The Plague Dogs is based on Richard Adams' 1977 novel of the same name. Adams had earlier written the acclaimed bestseller Watership Down, a modern fable about a warren of rabbits that was turned into a surprise 1978 boxoffice hit. Martin Rosen, who directed and wrote the screenplay for Watership Down, performed the same duties for The Plague Dogs.

A fine example of Rosen's direction.
However, despite mostly good reviews (e.g., Janet Maslin praised the animation more than the plot), The Plague Dogs flopped at the boxoffice, It's not hard to see why. Though the animation is colorful and life-like and the characters convincing, a cloud of despair hangs about the film. Ironically, Adams' book had an upbeat ending which was added on his publisher's insistence. The film jettisons that ending for what Adams originally conceived--an ambiguous conclusion that has Rowf and Snitter swimming in the fog toward an island that may or may not exist.

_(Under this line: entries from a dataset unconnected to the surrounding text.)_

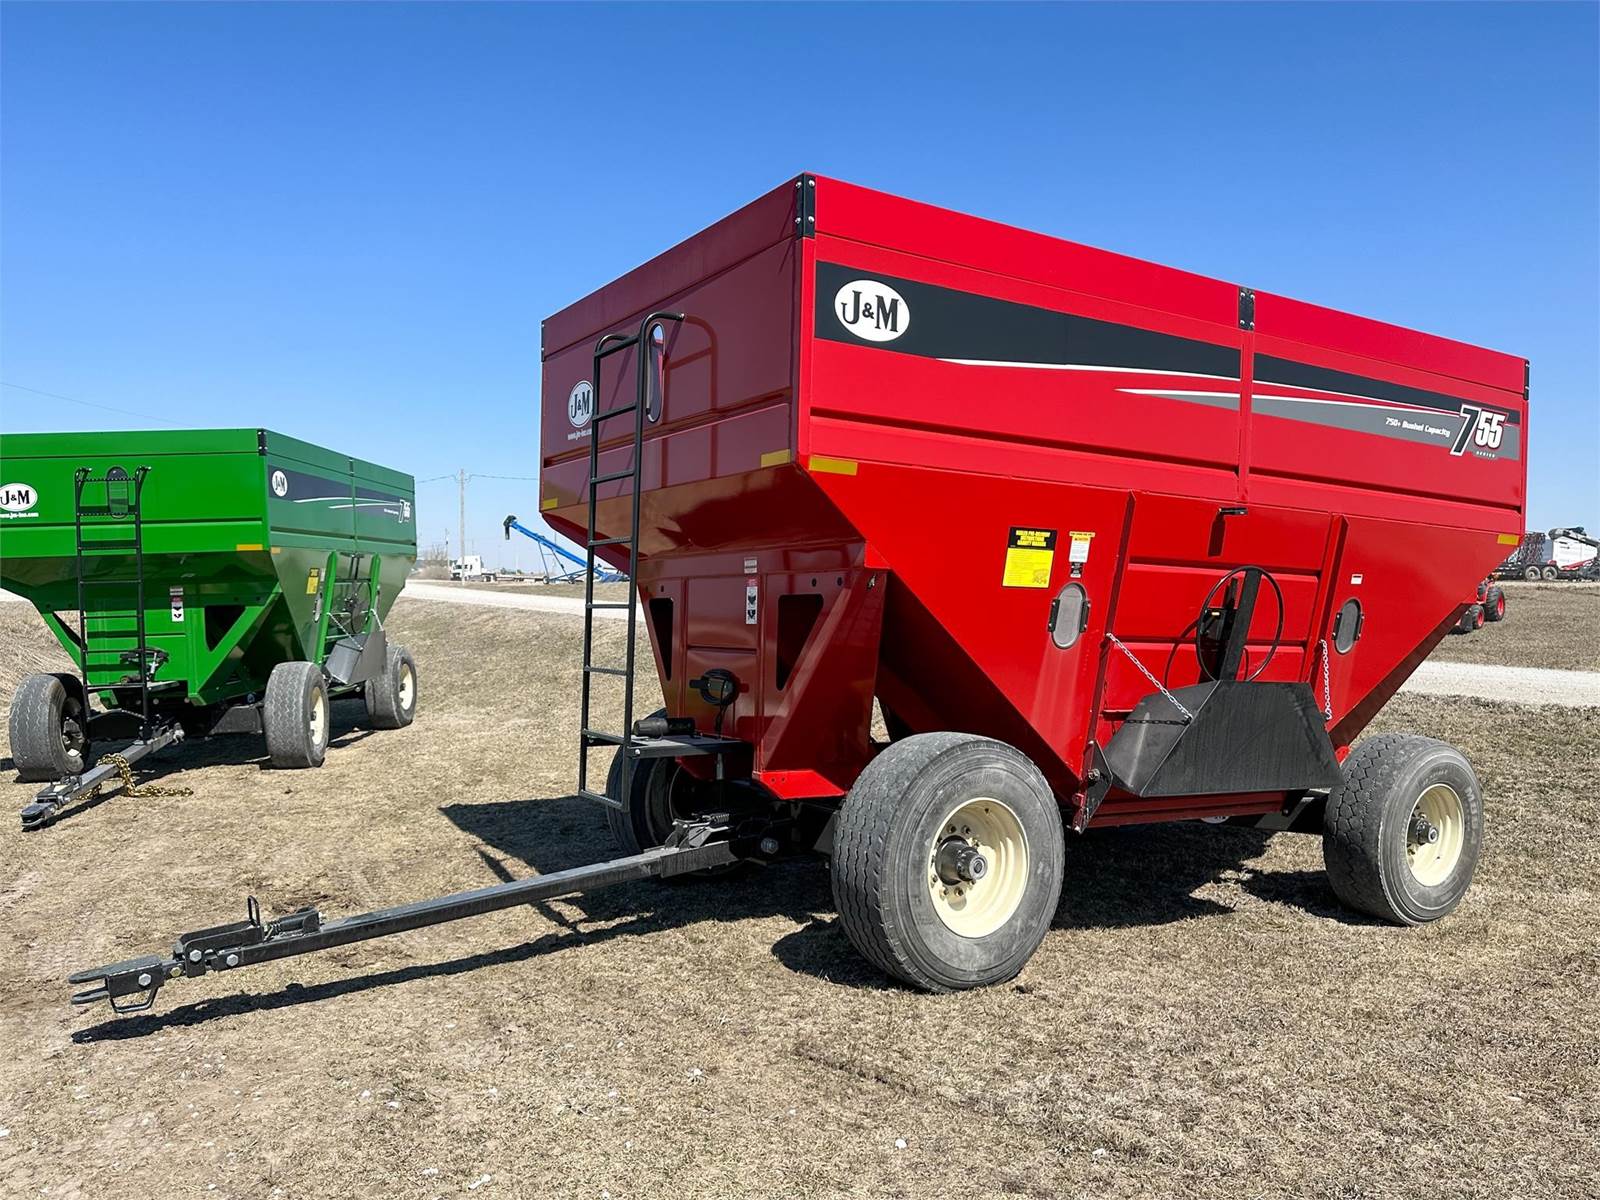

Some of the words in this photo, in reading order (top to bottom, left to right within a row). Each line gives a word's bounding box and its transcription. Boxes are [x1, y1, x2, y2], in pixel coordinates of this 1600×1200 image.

[841, 290, 900, 333] J&M
[570, 390, 591, 419] J&M
[1385, 417, 1401, 427] 750+
[1402, 420, 1424, 432] Bushel
[1424, 424, 1451, 438] Capacity
[1450, 404, 1506, 456] 755
[0, 490, 30, 506] J&M

John Hurt provides the voice for Snitter.
The voice cast, comprised of British veterans, is excellent. John Hurt perfectly captures Snitter's optimism. Christopher Benjamin, whose many roles include loud Sir Hugh Bodrugan on the original Poldark, voices Rowf. And James Bolam, whom we're recently watched in the detective series New Tricks, speaks in a Geordie (Northern England) dialect as The Tod.

Although most current prints of The Plague Dogs run 95 minutes, the original film was 103 minutes. Several scenes deemed too bloody for American audiences were trimmed. The longer film is available on video only in Australia. Incidentally, the closing gospel song was written and performed by Alan Price, who provided the splendid tunes for the 1973 cult classic O Lucky Man.

The Plague Dogs is a potent film about cruelty and deception. It's a good movie with an important message and I do recommend it. However, as a dog lover, it's not a movie I want to watch again for a long time.


  1. Based on your description, Rick, I think this film would leave me in a mess, too!

  2. Always a hard watch for me, too, and not one I revisit often, but thought-provoking and well made. I like the ambiguous ending much better.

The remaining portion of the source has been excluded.